- [Work request] In the records below, print each line exactly and leave every image out.

:: Given information ::

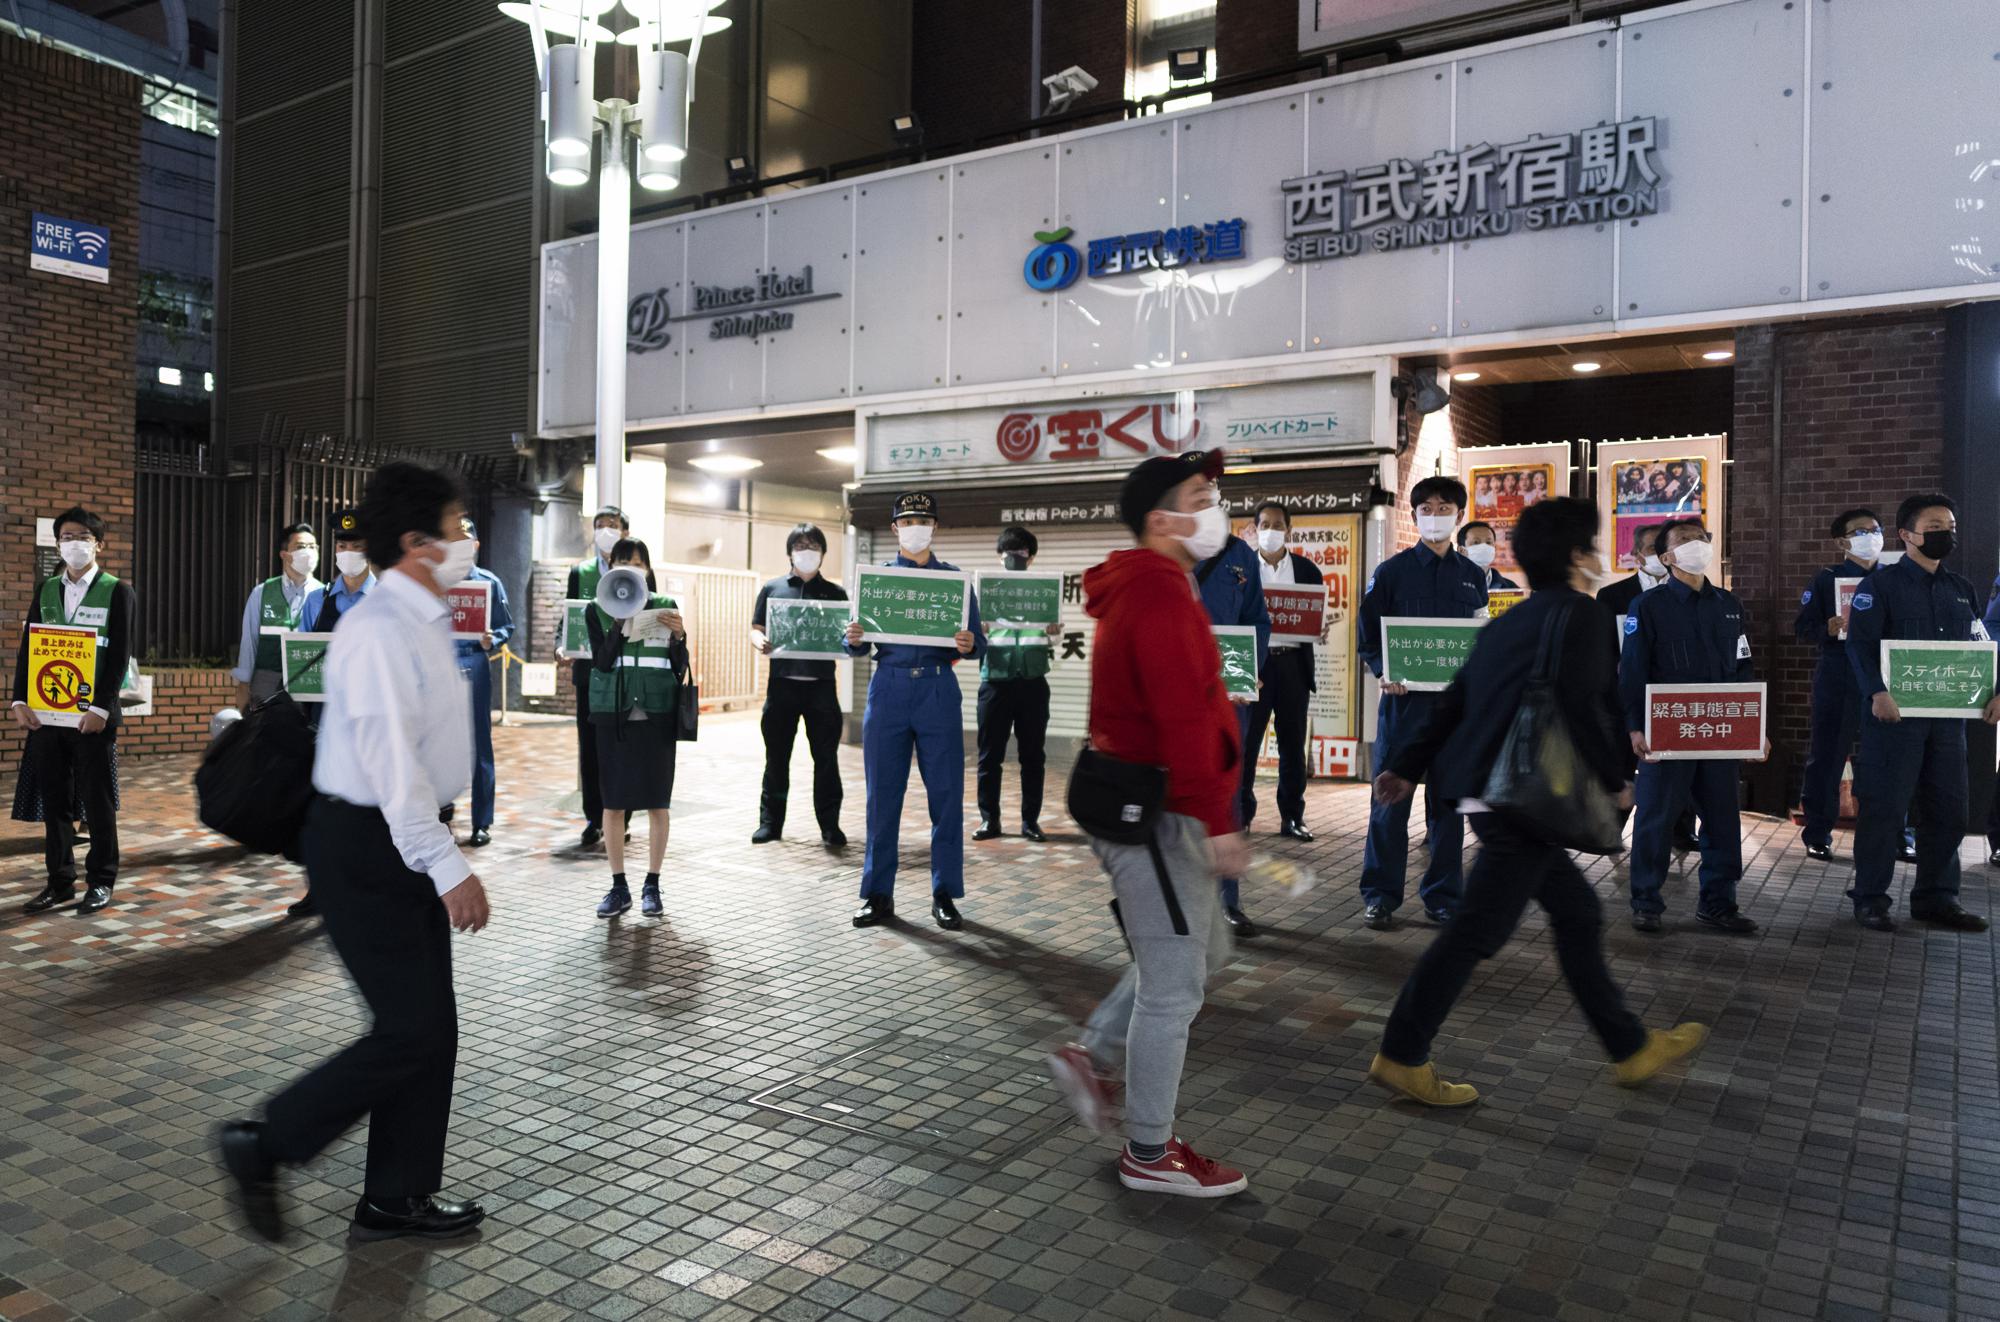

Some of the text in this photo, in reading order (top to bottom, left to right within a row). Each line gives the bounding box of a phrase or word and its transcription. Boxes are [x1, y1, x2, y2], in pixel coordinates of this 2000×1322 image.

[1281, 116, 1661, 240] 西武新宿駅
[36, 220, 73, 241] FREE
[1284, 190, 1659, 263] SEIBU SHINJUKU STATION
[36, 235, 72, 254] Wi-Fi
[1087, 218, 1247, 278] 西武鉄道
[692, 264, 814, 311] Prince Hotel
[709, 310, 794, 340] Shinjuku
[1047, 403, 1201, 460] 宝くじ
[901, 494, 931, 506] TOKYO
[1051, 506, 1088, 519] PePe
[1090, 504, 1119, 519] 大黒
[861, 587, 962, 604] 外出が必要かどうか
[872, 605, 949, 621] もう一度検討を
[1389, 638, 1477, 649] 外出が必要かど
[33, 648, 91, 658] 止めてください
[1901, 665, 1982, 678] ステイホーム
[1652, 702, 1760, 718] 緊急事態宣言
[1679, 722, 1732, 738] 発令中

:::

- [Problem solution]
Some of the text in this photo, in reading order (top to bottom, left to right within a row). Each line gives the bounding box of a phrase or word and its transcription. Boxes are [x1, y1, x2, y2], in pixel coordinates of this 2000×1322 image.

[1281, 116, 1661, 240] 西武新宿駅
[36, 220, 73, 241] FREE
[1284, 190, 1659, 263] SEIBU SHINJUKU STATION
[36, 235, 72, 254] Wi-Fi
[1087, 218, 1247, 278] 西武鉄道
[692, 264, 814, 311] Prince Hotel
[709, 310, 794, 340] Shinjuku
[1047, 403, 1201, 460] 宝くじ
[901, 494, 931, 506] TOKYO
[1051, 506, 1088, 519] PePe
[1090, 504, 1119, 519] 大黒
[861, 587, 962, 604] 外出が必要かどうか
[872, 605, 949, 621] もう一度検討を
[1389, 638, 1477, 649] 外出が必要かど
[33, 648, 91, 658] 止めてください
[1901, 665, 1982, 678] ステイホーム
[1652, 702, 1760, 718] 緊急事態宣言
[1679, 722, 1732, 738] 発令中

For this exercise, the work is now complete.